Lo más probable y menos deseable es que, con una situación de alarma tan prolongada, más el ucase del toque de queda, las prohibiciones no se cumplirán del todo. En ese caso, los pobres ciudadanos, así, in genere, serán tachados de irresponsables. Lo que supone eximir de culpa a las autoridades, por no haber gestionado como Dios manda la crisis sanitaria. Que es lo que se trataba de demostrar.

Las previsiones de reducción drástica de los movimientos de las personas no se cumplirán, por una potísima razón. Es así de clara: no hay policía suficiente para controlar toda esa ingente movilidad. Además, hay que contar con el natural cansancio de la gente (sobre todo, los jóvenes), harta de confinamientos y de restricciones de todo tipo.

Me temo que la iniciativa del toque de queda durante la noche y otras medidas similares sirven solo para tranquilizar a la población, lógicamente amedrentada. De esa forma, parece que las autoridades hacen algo para contener la epidemia. El problema es que, después de tantas medidas de control de la enfermedad, su efecto no ha sido el esperado, lo que hace que aumente la frustración. Lo lógico será, pues, esperar nuevas medidas profilácticas o preventivas más caprichosas. Se me ocurren: guantes de látex obligatorios para toda la población, clausura de los centros de enseñanza, reducción tajante de los transportes públicos, cierre de las residencias de ancianos. No quiero seguir dando ideas.
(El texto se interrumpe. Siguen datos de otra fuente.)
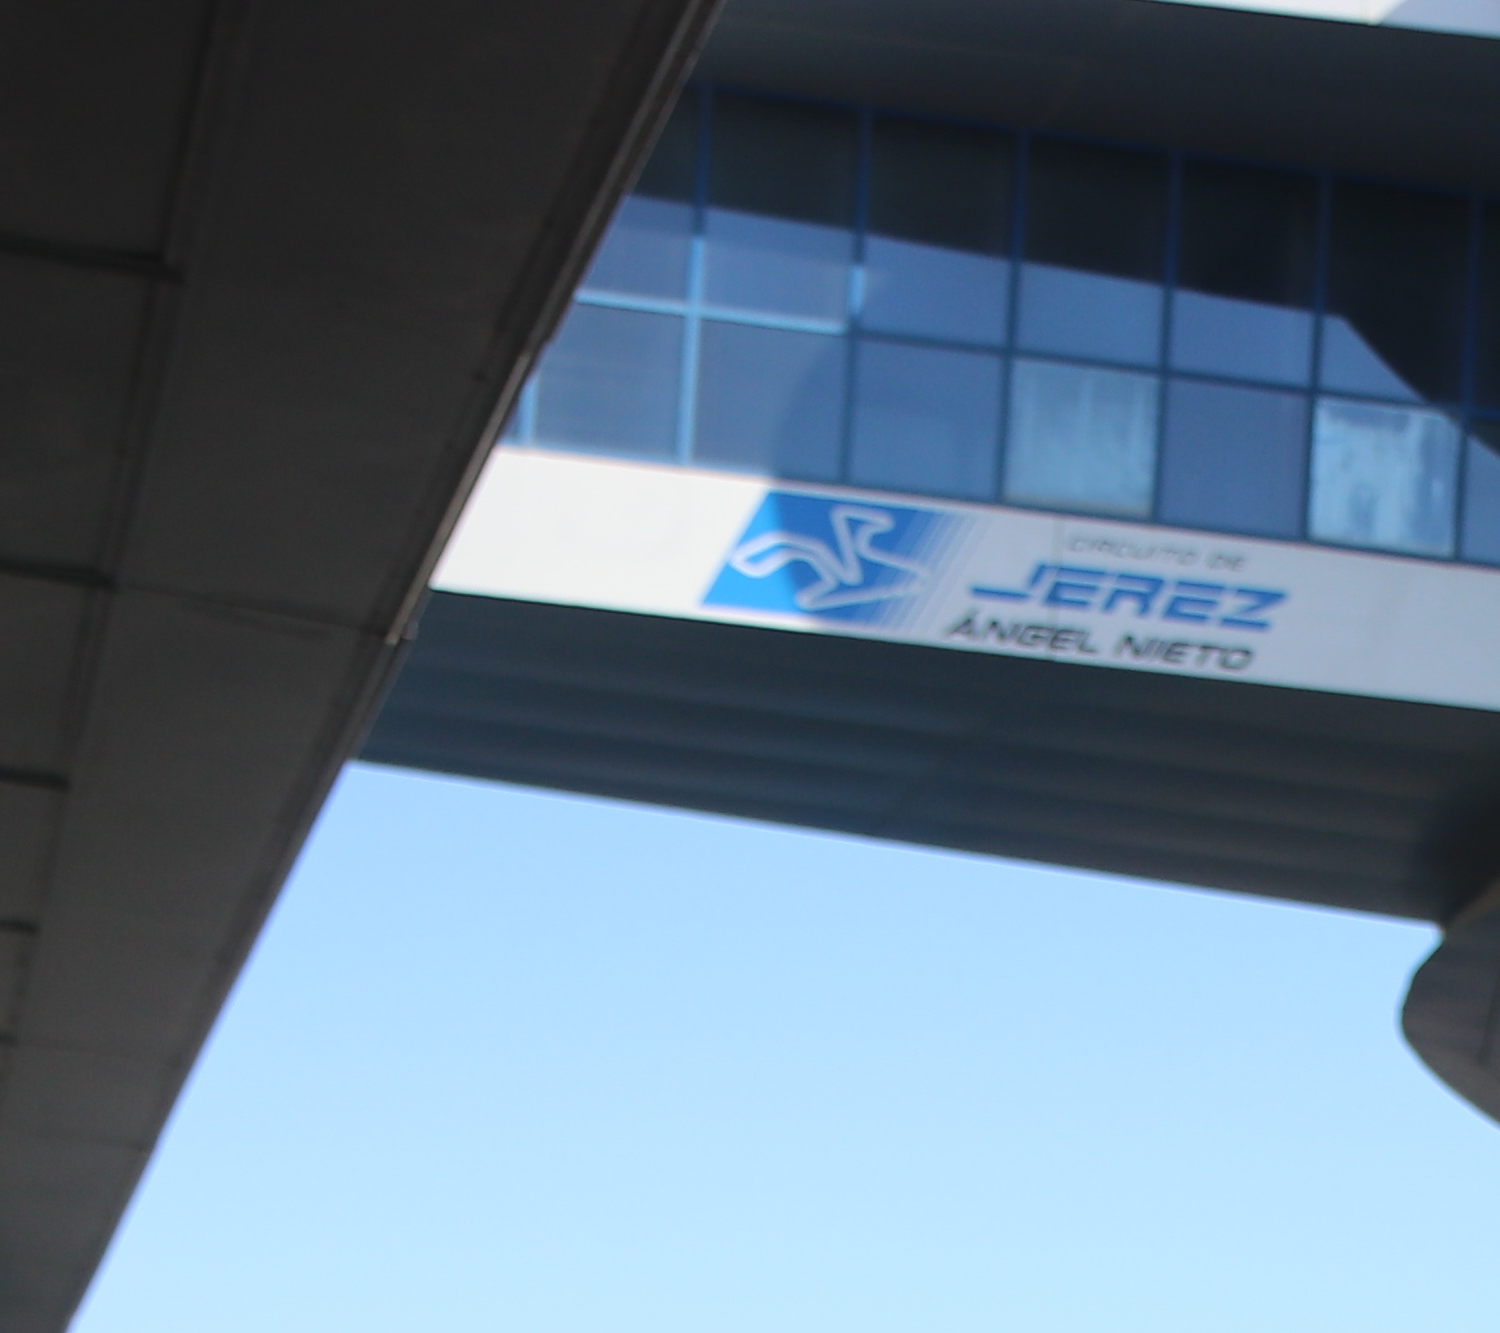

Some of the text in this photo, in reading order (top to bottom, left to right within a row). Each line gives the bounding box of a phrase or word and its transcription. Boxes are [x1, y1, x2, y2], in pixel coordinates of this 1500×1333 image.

[1206, 551, 1247, 573] DE
[969, 561, 1290, 633] JEREZ
[1113, 634, 1256, 672] NIETO
La raíz del problema está en el menguado conocimiento que tiene la comunidad científica sobre el famoso virus de China. Es algo que no se reconoce públicamente, al partir de la consideración de que nos encontramos en la era científica. La misma nesciencia se podría atribuir a los gobernantes, al ignorar las medidas necesarias para paliar la hecatombe económica que se nos ha echado encima. Solo a un tonto o a un malvado se le ocurre que la solución pueda ser la del aumentar el gasto público de forma desaforada. En ello estamos.